(Entries supplied begins)

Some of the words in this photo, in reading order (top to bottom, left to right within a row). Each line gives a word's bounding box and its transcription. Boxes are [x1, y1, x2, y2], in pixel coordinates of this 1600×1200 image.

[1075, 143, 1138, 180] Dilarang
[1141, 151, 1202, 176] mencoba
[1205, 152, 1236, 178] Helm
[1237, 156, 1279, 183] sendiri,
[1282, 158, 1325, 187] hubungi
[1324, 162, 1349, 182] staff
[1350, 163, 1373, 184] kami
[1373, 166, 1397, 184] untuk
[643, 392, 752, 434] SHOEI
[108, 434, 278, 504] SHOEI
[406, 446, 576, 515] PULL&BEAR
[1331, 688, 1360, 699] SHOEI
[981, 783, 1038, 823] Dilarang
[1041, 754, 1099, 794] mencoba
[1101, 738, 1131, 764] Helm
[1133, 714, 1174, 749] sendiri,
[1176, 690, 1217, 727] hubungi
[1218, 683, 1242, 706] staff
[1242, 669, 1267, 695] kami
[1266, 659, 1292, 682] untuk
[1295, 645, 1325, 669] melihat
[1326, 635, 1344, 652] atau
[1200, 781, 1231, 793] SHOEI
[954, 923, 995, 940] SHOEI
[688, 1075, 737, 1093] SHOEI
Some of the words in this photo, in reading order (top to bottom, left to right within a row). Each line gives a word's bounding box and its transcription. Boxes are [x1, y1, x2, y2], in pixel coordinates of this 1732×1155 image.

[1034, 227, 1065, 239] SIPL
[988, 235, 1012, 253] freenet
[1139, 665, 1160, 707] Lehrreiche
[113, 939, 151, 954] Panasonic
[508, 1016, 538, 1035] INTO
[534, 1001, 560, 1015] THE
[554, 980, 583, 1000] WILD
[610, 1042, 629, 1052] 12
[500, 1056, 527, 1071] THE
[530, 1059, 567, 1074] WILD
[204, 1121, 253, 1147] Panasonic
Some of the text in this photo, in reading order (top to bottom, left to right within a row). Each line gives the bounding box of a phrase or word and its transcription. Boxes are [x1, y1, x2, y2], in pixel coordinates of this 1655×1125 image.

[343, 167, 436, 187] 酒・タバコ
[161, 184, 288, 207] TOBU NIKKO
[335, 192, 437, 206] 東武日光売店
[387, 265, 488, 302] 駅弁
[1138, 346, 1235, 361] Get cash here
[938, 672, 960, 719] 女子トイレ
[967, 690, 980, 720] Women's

(Entries supplied ends)

What you have to do:
Retype every line of the material above without altering anything.

Task solution:
Some of the words in this photo, in reading order (top to bottom, left to right within a row). Each line gives a word's bounding box and its transcription. Boxes are [x1, y1, x2, y2], in pixel coordinates of this 1600×1200 image.

[1075, 143, 1138, 180] Dilarang
[1141, 151, 1202, 176] mencoba
[1205, 152, 1236, 178] Helm
[1237, 156, 1279, 183] sendiri,
[1282, 158, 1325, 187] hubungi
[1324, 162, 1349, 182] staff
[1350, 163, 1373, 184] kami
[1373, 166, 1397, 184] untuk
[643, 392, 752, 434] SHOEI
[108, 434, 278, 504] SHOEI
[406, 446, 576, 515] PULL&BEAR
[1331, 688, 1360, 699] SHOEI
[981, 783, 1038, 823] Dilarang
[1041, 754, 1099, 794] mencoba
[1101, 738, 1131, 764] Helm
[1133, 714, 1174, 749] sendiri,
[1176, 690, 1217, 727] hubungi
[1218, 683, 1242, 706] staff
[1242, 669, 1267, 695] kami
[1266, 659, 1292, 682] untuk
[1295, 645, 1325, 669] melihat
[1326, 635, 1344, 652] atau
[1200, 781, 1231, 793] SHOEI
[954, 923, 995, 940] SHOEI
[688, 1075, 737, 1093] SHOEI
Some of the words in this photo, in reading order (top to bottom, left to right within a row). Each line gives a word's bounding box and its transcription. Boxes are [x1, y1, x2, y2], in pixel coordinates of this 1732×1155 image.

[1034, 227, 1065, 239] SIPL
[988, 235, 1012, 253] freenet
[1139, 665, 1160, 707] Lehrreiche
[113, 939, 151, 954] Panasonic
[508, 1016, 538, 1035] INTO
[534, 1001, 560, 1015] THE
[554, 980, 583, 1000] WILD
[610, 1042, 629, 1052] 12
[500, 1056, 527, 1071] THE
[530, 1059, 567, 1074] WILD
[204, 1121, 253, 1147] Panasonic
Some of the text in this photo, in reading order (top to bottom, left to right within a row). Each line gives the bounding box of a phrase or word and its transcription. Boxes are [x1, y1, x2, y2], in pixel coordinates of this 1655×1125 image.

[343, 167, 436, 187] 酒・タバコ
[161, 184, 288, 207] TOBU NIKKO
[335, 192, 437, 206] 東武日光売店
[387, 265, 488, 302] 駅弁
[1138, 346, 1235, 361] Get cash here
[938, 672, 960, 719] 女子トイレ
[967, 690, 980, 720] Women's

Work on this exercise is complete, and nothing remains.